Now that you’re hearing the predictable denials from Trump’s sycophants, here are the facts

The history is overwhelming. Trump repeatedly has demeaned members of the military and their families. That he himself is a lying draft-dodger is but a tiny example of his character and mindset.

His groveling before our enemy Putin is another example.

Everyone who touches Trump is ruined.

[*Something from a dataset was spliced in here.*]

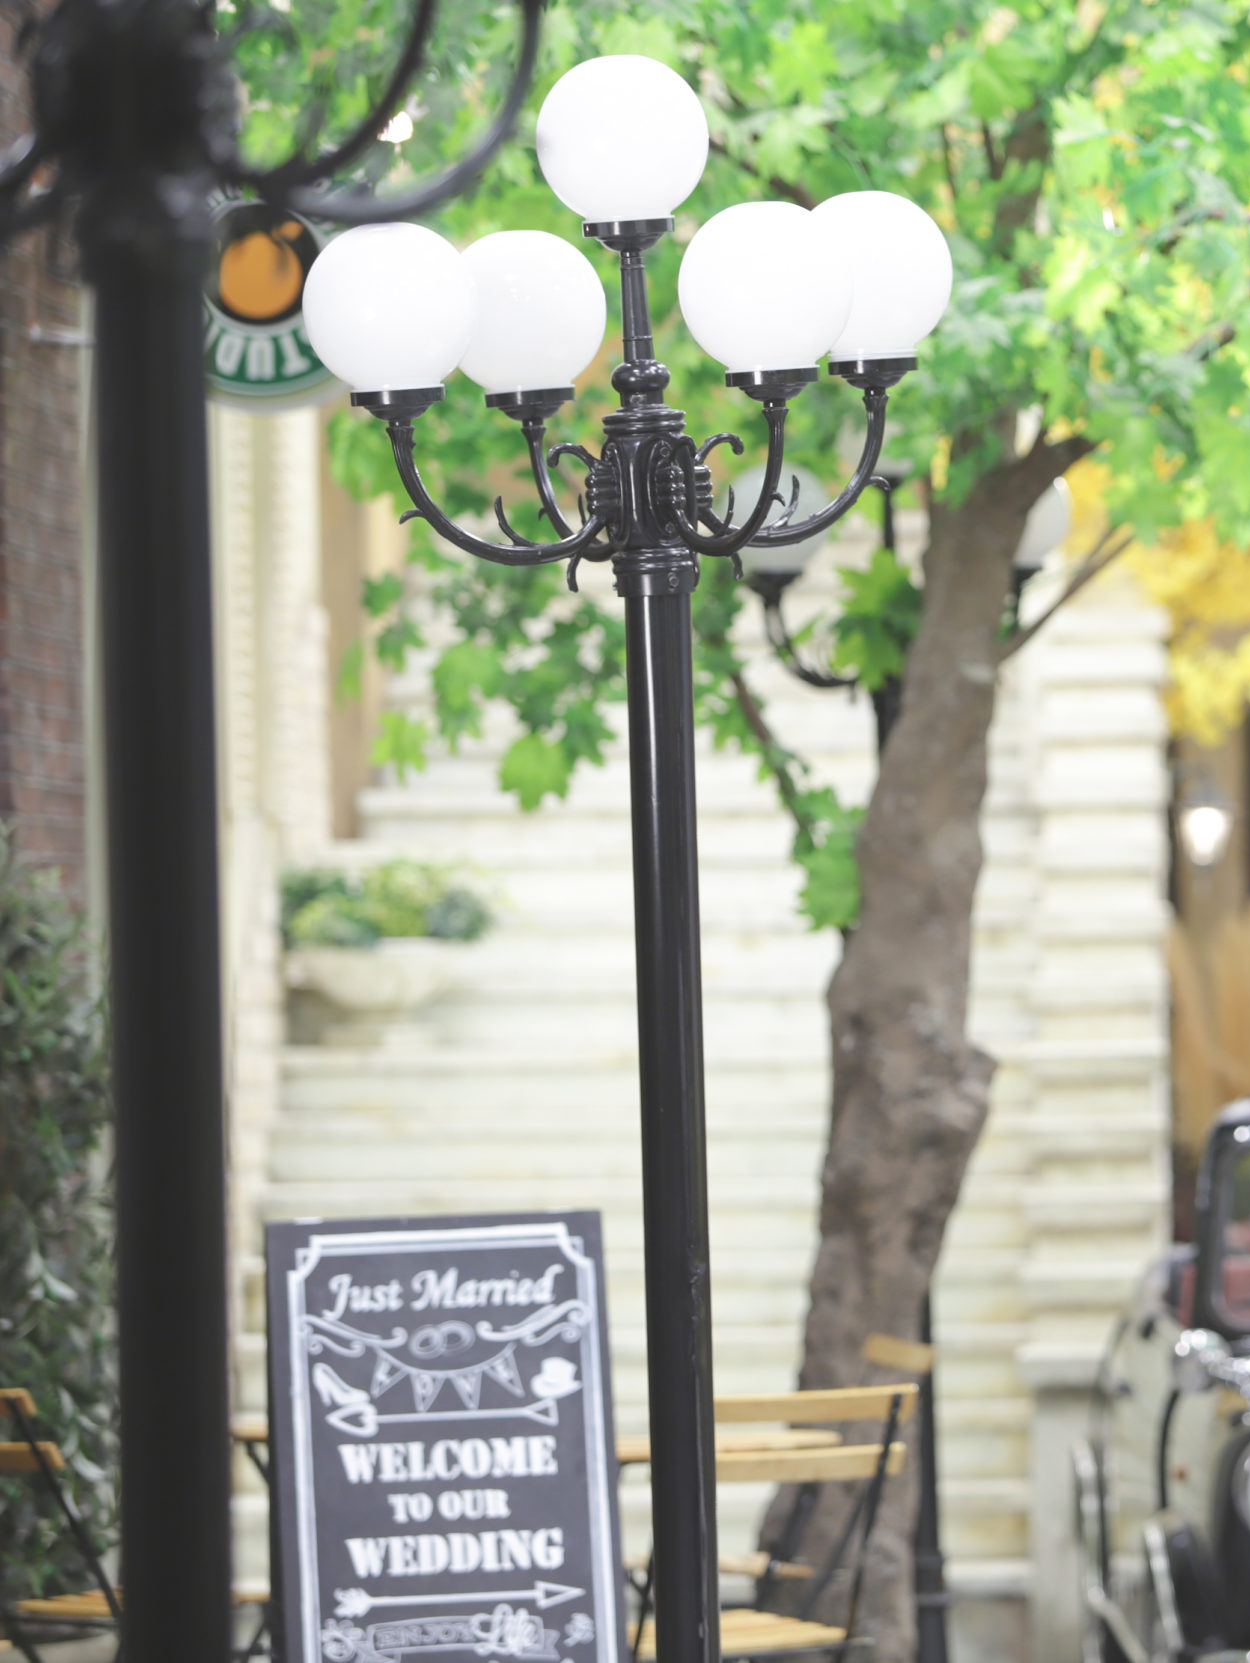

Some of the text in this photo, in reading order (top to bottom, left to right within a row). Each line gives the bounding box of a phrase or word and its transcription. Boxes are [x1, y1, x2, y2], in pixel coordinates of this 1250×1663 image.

[322, 1264, 564, 1321] Just Married
[337, 1435, 559, 1484] WELCOME
[387, 1488, 512, 1524] TO OUR
[344, 1527, 565, 1579] WEDDING

They forever will be remembered as liars and bootlickers — defenders of a criminal and a traitor.

And Trump will be remembered only as a bad example.

When people have said, “He’s another Hitler,” that was considered the worst possible insult for any leader.

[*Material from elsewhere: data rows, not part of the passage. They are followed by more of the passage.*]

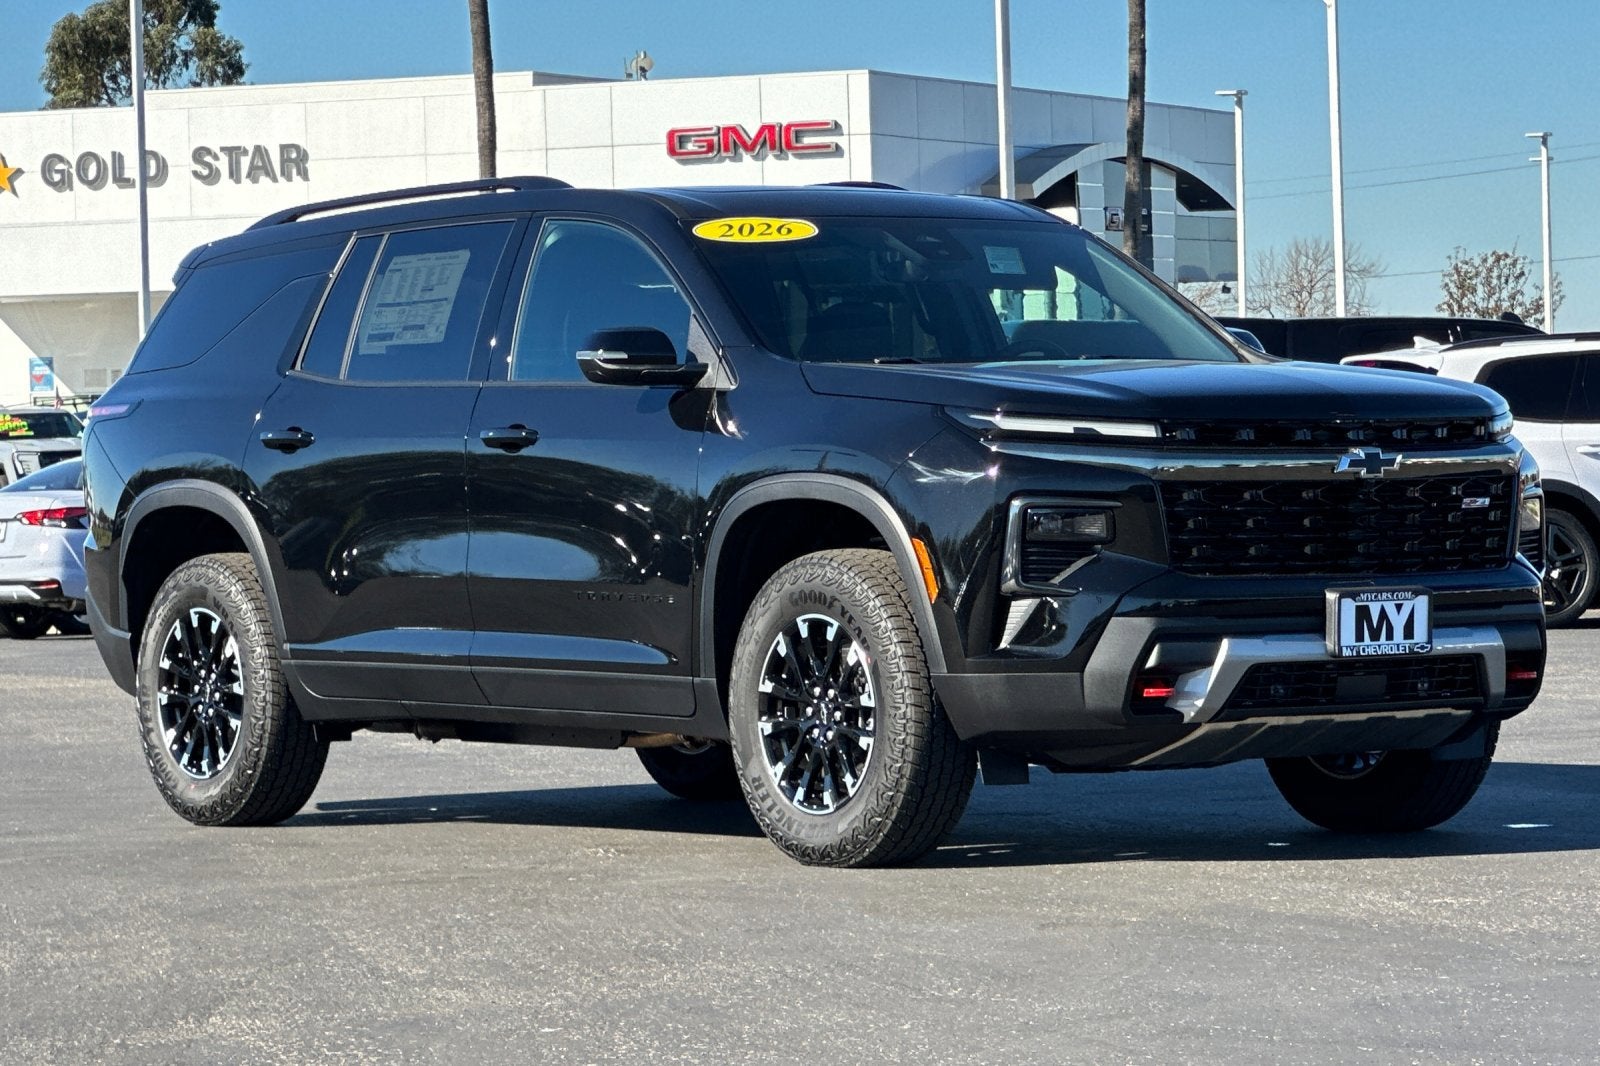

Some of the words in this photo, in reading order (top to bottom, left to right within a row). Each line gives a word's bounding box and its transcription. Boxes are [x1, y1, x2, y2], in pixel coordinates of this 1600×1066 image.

[666, 119, 836, 160] GMC
[41, 149, 168, 193] GOLD
[191, 143, 310, 186] STAR
[718, 222, 793, 238] 2026
[1359, 591, 1412, 602] MYCARS.COM
[789, 589, 871, 652] GOODYEAR
[1355, 601, 1415, 644] MY
[1342, 646, 1357, 657] MY
[1360, 643, 1410, 656] CHEVROLET

That now has been superseded by, “He’s another Trump.”

Listen to the above link and ask yourself, how many examples does it take before even the most hypnotized Trumpers finally say, “This man is no good. I don’t believe him”?

At long last, enough is too much.

Rodger Malcolm Mitchell

8 thoughts on “Now that you’re hearing the predictable denials from Trump’s sycophants, here are the facts

  1. Facts vs. Trump’s hate-mongering:

    A study of more than 10,000 protests this year found 95% were peaceful
    By Rafi Schwartz
    Sep. 4, 2020

    President Trump would have you believe that the past several months of social justice protests against police violence and racial inequality represent a fundamentally violent threat that only he — aspiring strongman that he is — can crush with overwhelming force.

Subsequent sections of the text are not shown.